Cozy vegan white bean soup really does have it all. Usually, super healthy recipes have a reputation for not being filling or flavorful enough, but this soup is here to change that notion! The natural flavor palate from the veggies is enhanced with garlic, herbs, and lemon juice, all of which meld together to create a seriously mouthwatering flavor.

With ingredients like potatoes, beans, and squash, there’s definitely enough substance in this soup to keep you full for a long time. For people who think that only meat can keep you full, this soup might just make you a believer in the magic of vegan recipes!

And yes, it’s vegan, but that doesn’t mean you have to be vegan yourself to enjoy it.

I love eating soups that are loaded with veggies like this. It’s a great way to get a ton of vitamins and nutrients in your body without having to eat a salad. Don’t get me wrong, I love a good salad, but it’s not exactly comfort food like soup is. This stuff hits the spot, all while nourishing my body with the essentials it needs. It’s the best of both worlds!

A lemon slice sits on top of a full bowl of vegetable soup.

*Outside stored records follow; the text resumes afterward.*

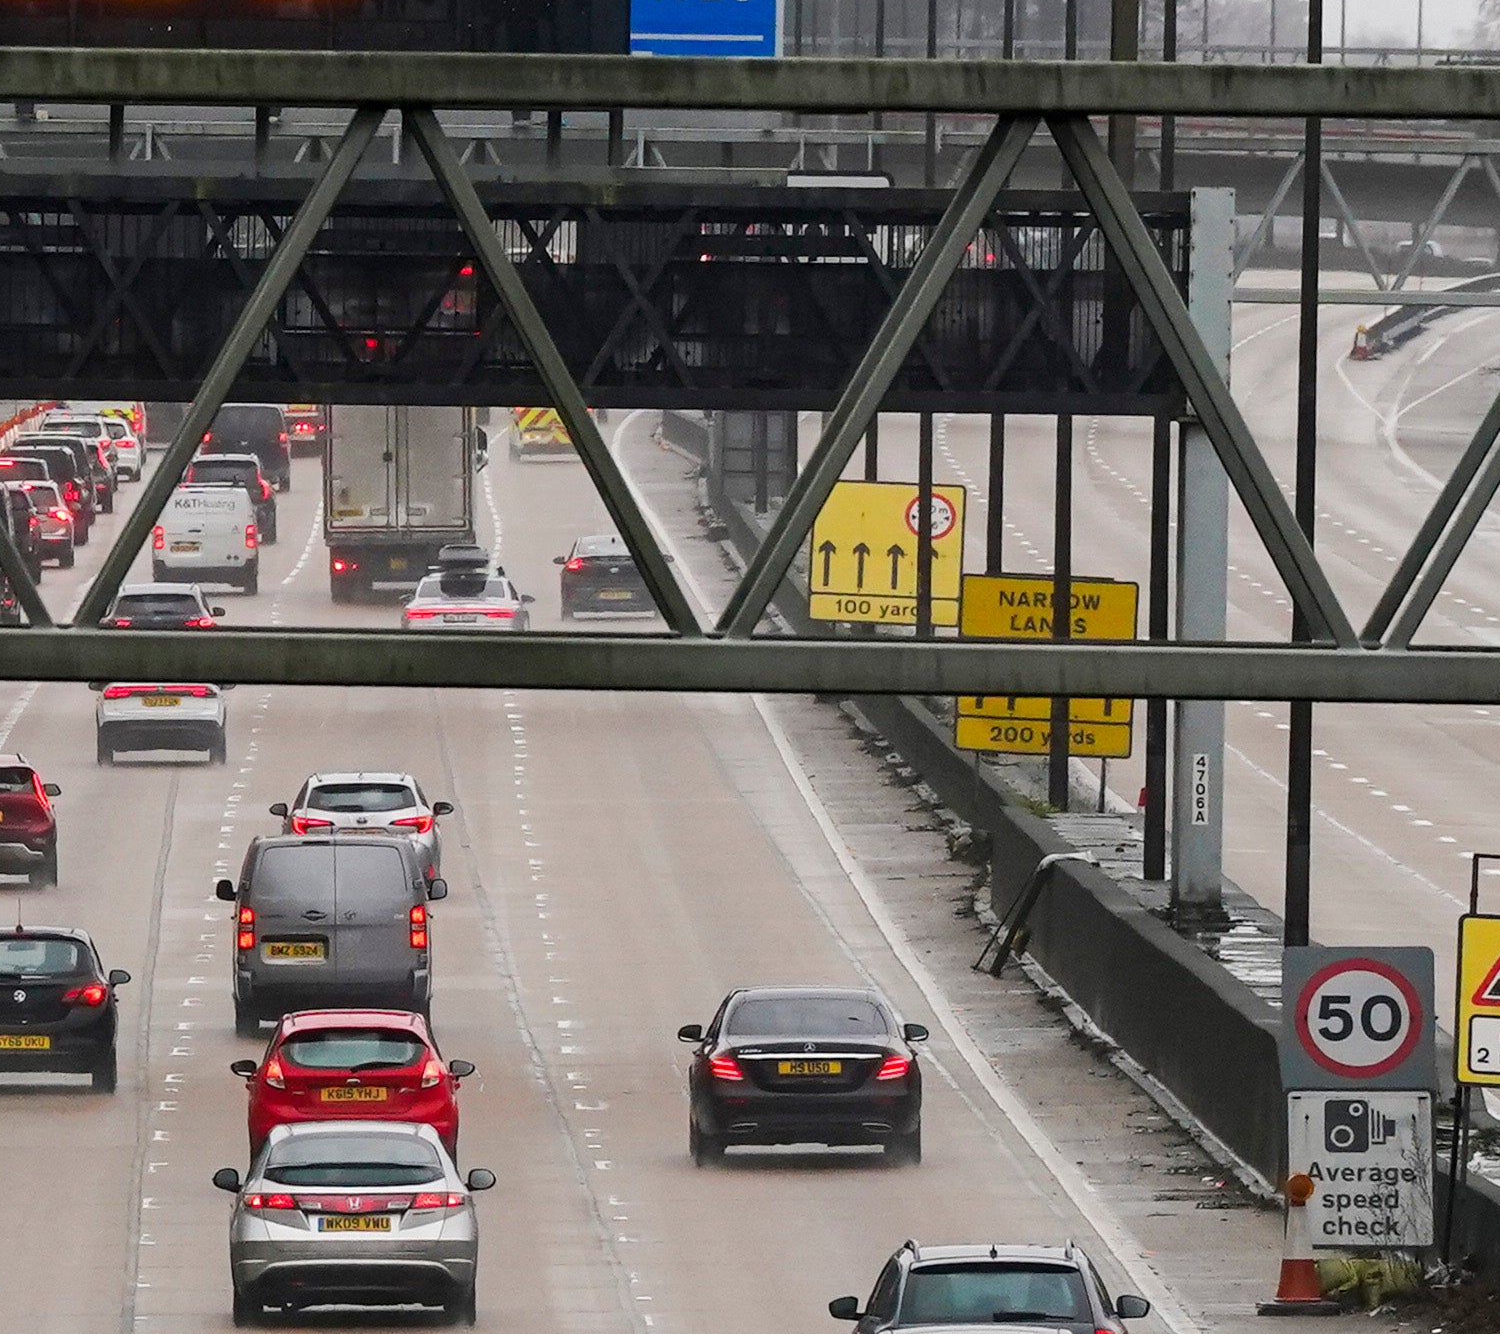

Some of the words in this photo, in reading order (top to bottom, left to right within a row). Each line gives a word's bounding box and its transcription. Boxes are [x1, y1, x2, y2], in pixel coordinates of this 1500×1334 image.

[835, 598, 871, 615] 100
[998, 589, 1101, 611] NAROW
[1010, 614, 1088, 635] LANS
[989, 725, 1034, 743] 200
[1194, 755, 1207, 824] 4706A
[1316, 993, 1402, 1043] 50
[1476, 1047, 1490, 1065] 2
[1307, 1161, 1417, 1186] Average
[1321, 1189, 1400, 1214] speed
[325, 1216, 361, 1230] WK09
[1321, 1214, 1401, 1237] check

Ingredients for vegan white bean soup

  • Olive oil – Avocado oil can be used instead, if preferred.
  • Onion – Yellow or white will both get the job done.
  • Garlic – Pre-minced is fine, but freshly minced garlic yields better tasting results.
  • Potatoes – I like to use yukon gold potatoes for their tender consistency.
  • Vegetable broth – Low-sodium is best to keep this soup on the healthier side.
  • Cannellini beans – Canned, rinsed, and drained!
  • Carrots – Loaded with an array of vitamins, fiber, and calcium, carrots are one of the best veggies you can eat.
  • Celery – Make sure you rinse your celery first. Sometimes there can be a little dirt on the stalks.
  • Herbs – You’ll need dried oregano and thyme for the soup and fresh parsley for garnishing.
  • Salt – If your broth isn’t low-sodium, omit this ingredient.
  • Black pepper – Freshly cracked black pepper has the best flavor.
  • Butternut squash – Frozen or fresh.
  • Kale – You can buy it pre-shredded or shred it yourself. Either way, try to make sure there are no hard ribs in the mix.
  • Lemon – Freshly squeezed lemon juice only! Not the bottled stuff from the store.
A white bowl is filled with vegan soup and garnished with fresh parsley and two slices of lemon.

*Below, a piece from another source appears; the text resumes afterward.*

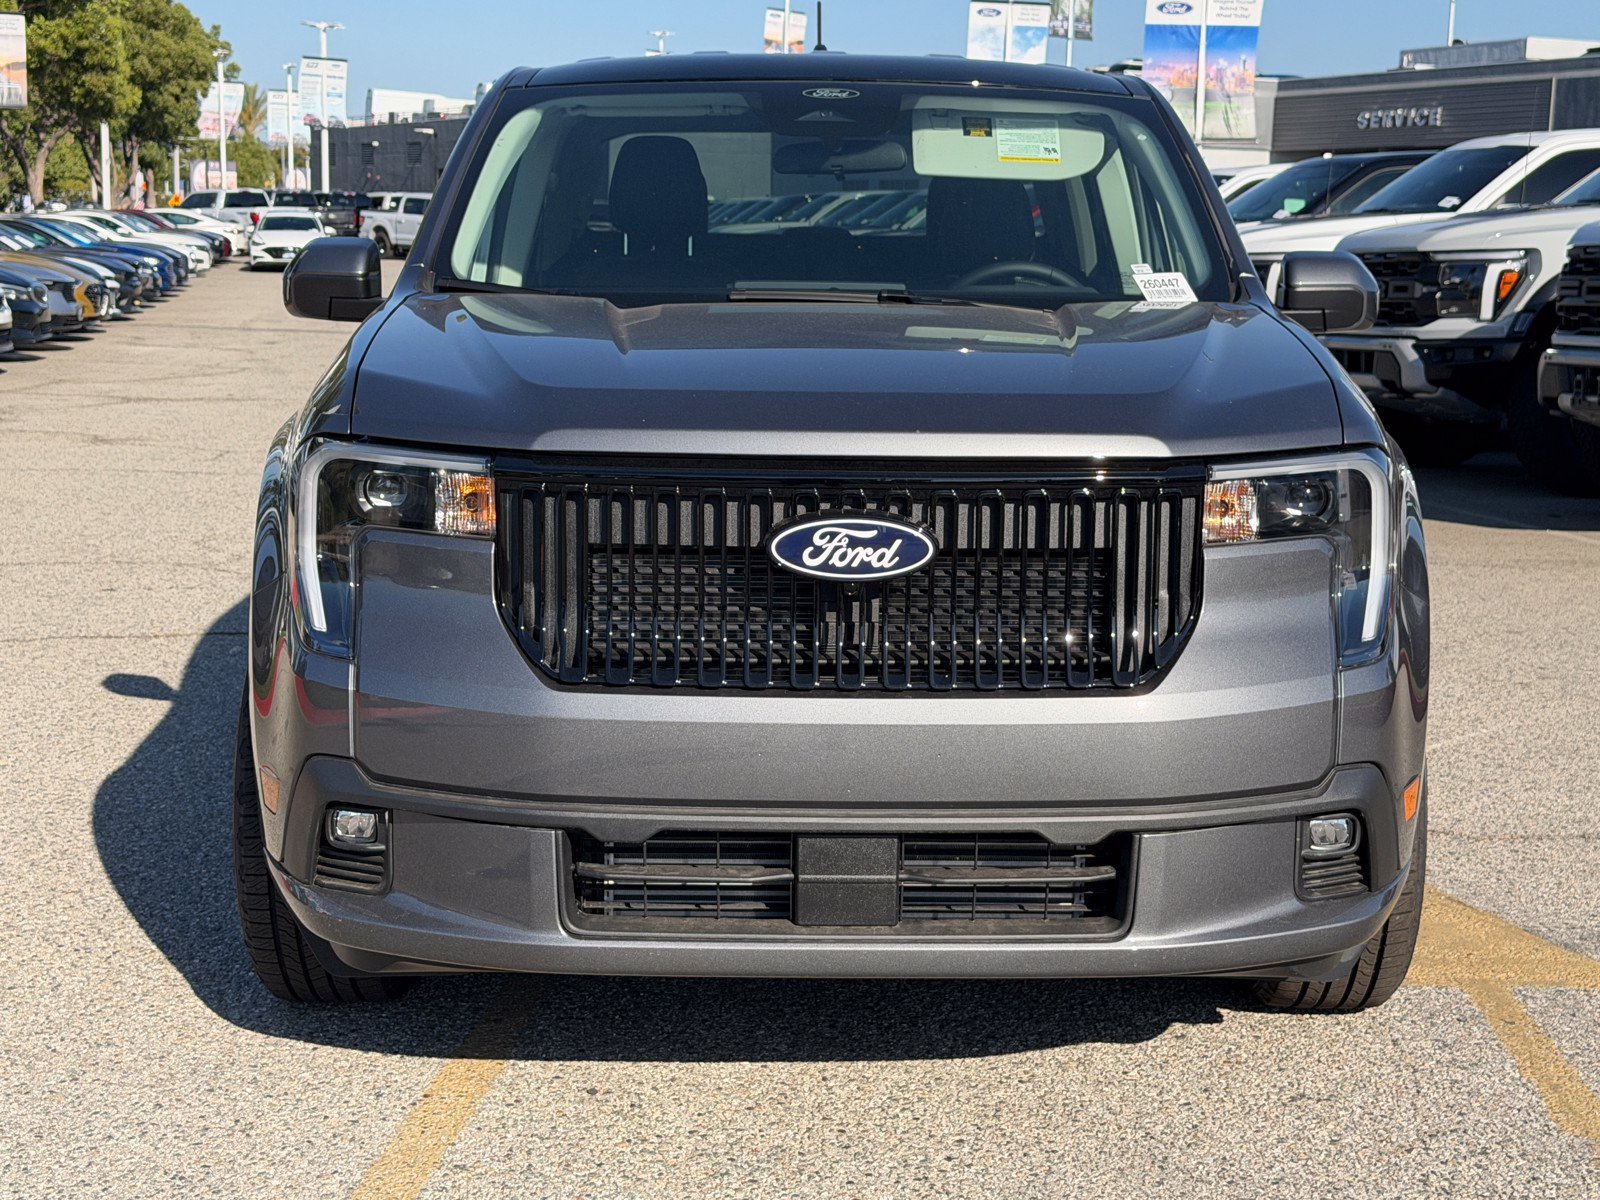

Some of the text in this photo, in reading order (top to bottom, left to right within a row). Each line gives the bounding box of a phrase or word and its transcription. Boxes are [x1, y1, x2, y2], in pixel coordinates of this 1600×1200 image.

[812, 88, 849, 98] Ford
[1357, 107, 1443, 129] SERVICE
[1140, 278, 1179, 289] 260447
[802, 526, 903, 568] Ford

What else can I add to this vegan white bean soup?

When it comes to flavor, you could always make is spicy with a teaspoon (or more) of crushed red pepper flakes. If it’s more garlic flavor you’re after, toss in some garlic powder to your heart’s desire!

As for veggies, the sky is the limit here. This is a pretty flexible soup recipe, so any veggies you toss into the mix should fit in just fine.

Can I bulk this up with meat?

Of course. Andouille sausage would be extra flavorful in this or even ground turkey to keep it on the lean side.

A ladle is lifting a scoop of soup from the full pot.

Storage instructions

How long will cozy white vegan bean soup stay fresh? In an airtight container in the fridge, any leftovers you have of this vegan soup will stay fresh for about 3-4 days. I recommend reheating it back on the stovetop if you can! The microwave is okay, but might zap the fresh consistency out of the veggies.

Can you freeze this? Yes! Once the soup has cooled, ladle them into freezer-safe containers such as Souper Cubes. Reheat on the stovetop!

A pot is filled with vegan soup, and a ladle is scooping some of it from the pot.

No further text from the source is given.